Future developments are currently difficult to predict. It is therefore important that businesses are proactive in assessing their capability to withstand disruption from both an operational and a financial standpoint, and they act decisively to mitigate actual or potential risk. Due to the significant disruption in business activity and drying up of cash flows, sectors most impacted by COVID19 are:

· Businesses dependent on tourism and entertainment: hotels, some airlines, luxury goods traders, and retailers. 

· Advanced manufacturing and manufacturers are dependent on parts from affected countries, notably Automotive and Technology. 

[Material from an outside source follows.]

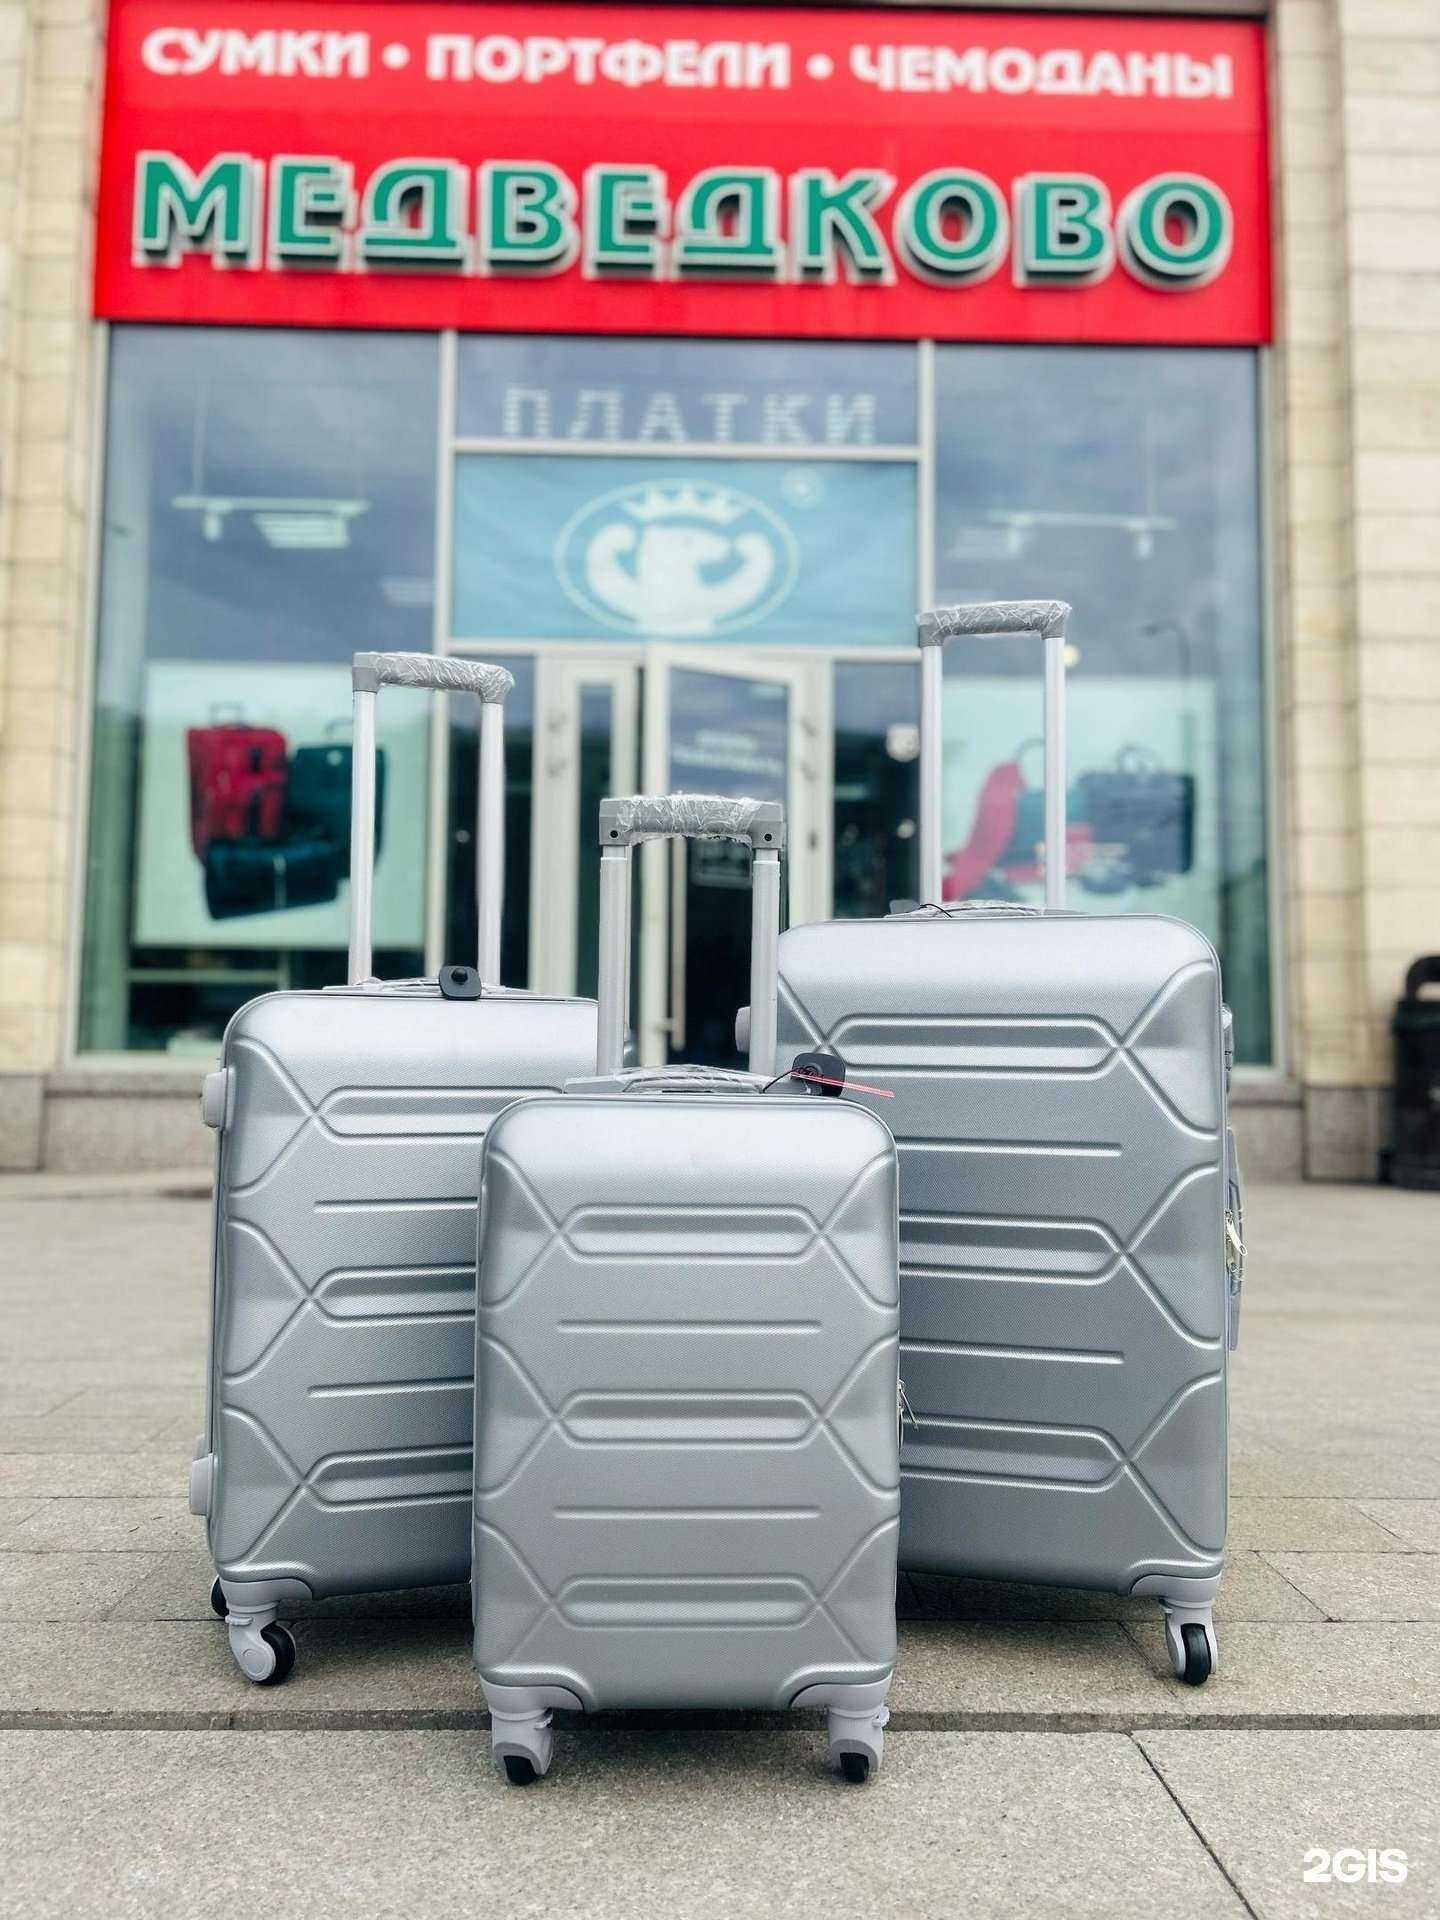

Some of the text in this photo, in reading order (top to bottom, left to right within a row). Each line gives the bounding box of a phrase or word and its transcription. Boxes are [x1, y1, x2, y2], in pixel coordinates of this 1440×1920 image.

[142, 28, 1233, 98] СУМКИ ПОРТФЕЛИ ЧЕМОДАНЫ
[132, 150, 1234, 290] МЕДВЕДКОВО
[504, 386, 876, 443] ПЛАТКИ

· Oil & Gas and Mining & Metals will see fall in both demand and commodity prices.

· Exporters who are significantly exposed to the international market.

SEBI, the market controller, has stretched out the cut-off time to file Q4 results till June 30, as the effect of the novel coronavirus is difficult to consider in the financial reports. In an interview with ETCFO, Sandip Khetan, Partner and National Leader, Financial Accounting Advisory Services (FAAS), EY India, discussed extended lockdown implications and critical aspects to be considered while preparing the fourth-quarter report of FY 20. 

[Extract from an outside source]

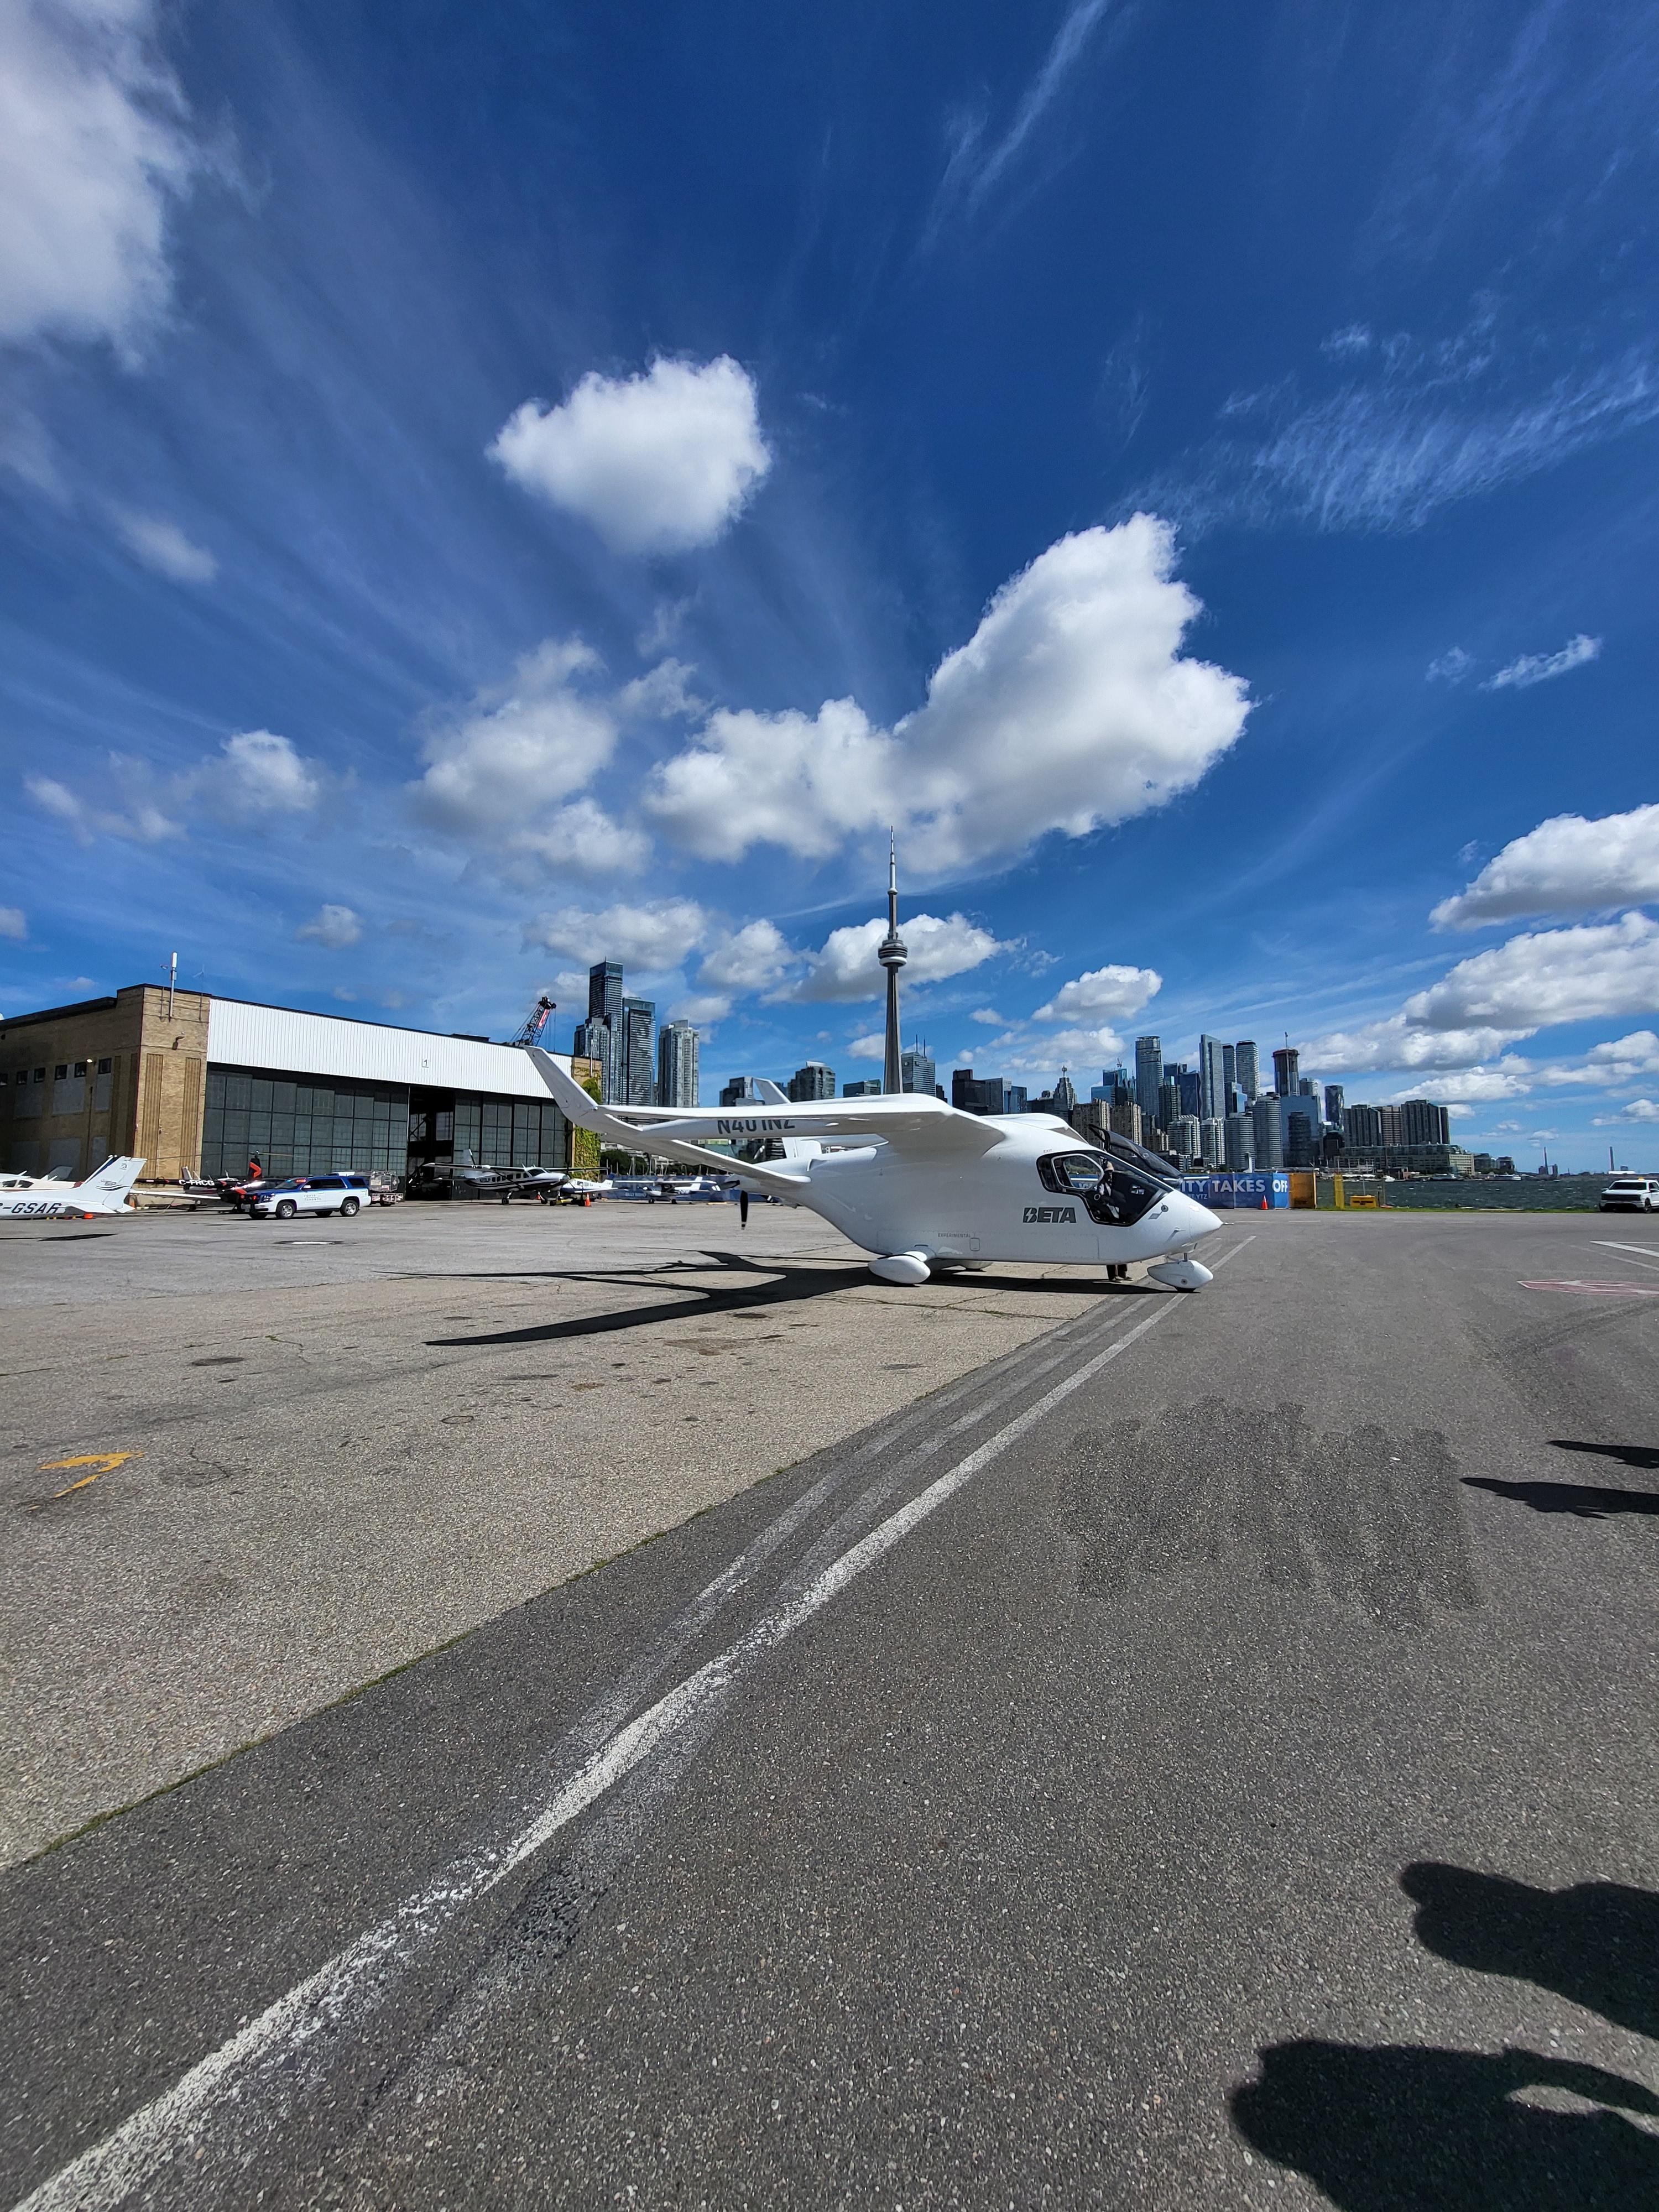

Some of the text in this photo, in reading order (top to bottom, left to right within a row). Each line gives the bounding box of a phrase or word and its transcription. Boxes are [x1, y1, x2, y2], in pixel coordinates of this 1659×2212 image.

[1178, 1180, 1288, 1193] ITY TAKES OFF
[1022, 1207, 1076, 1223] BETA

Organizations are probably going to encounter bigger misfortunes on products that are stuck in transit and steady expenses in restarting the factories. Another critical area of attention required is concerning fair value measurements. Fair value book-keeping is the act of estimating assets and liabilities at their present market value. For that, Ind AS 109 and Ind AS 16 prescribe certain fundamental principles on the definition and determination of fair value. As available market price is a crucial element in fair value measurements, the current volatility in the prices of financial instruments poses significant challenges for the firm to arrive at the fair value for financial assets. 

Low development or negative development is fundamentally going to build an impairment risk for all organizations. Indeed, even at times, this may even raise a warning as for going concern appraisal of the organization.

Against this backdrop, the accounting regulator of the country, the Institute of Chartered Accountants of India (ICAI) has issued an advisory on the “Impact of Coronavirus on Financial Reporting and the Auditors Consideration”. This advisory attempts to familiarize the preparers and auditors with some critical areas that require special attention during the pandemic.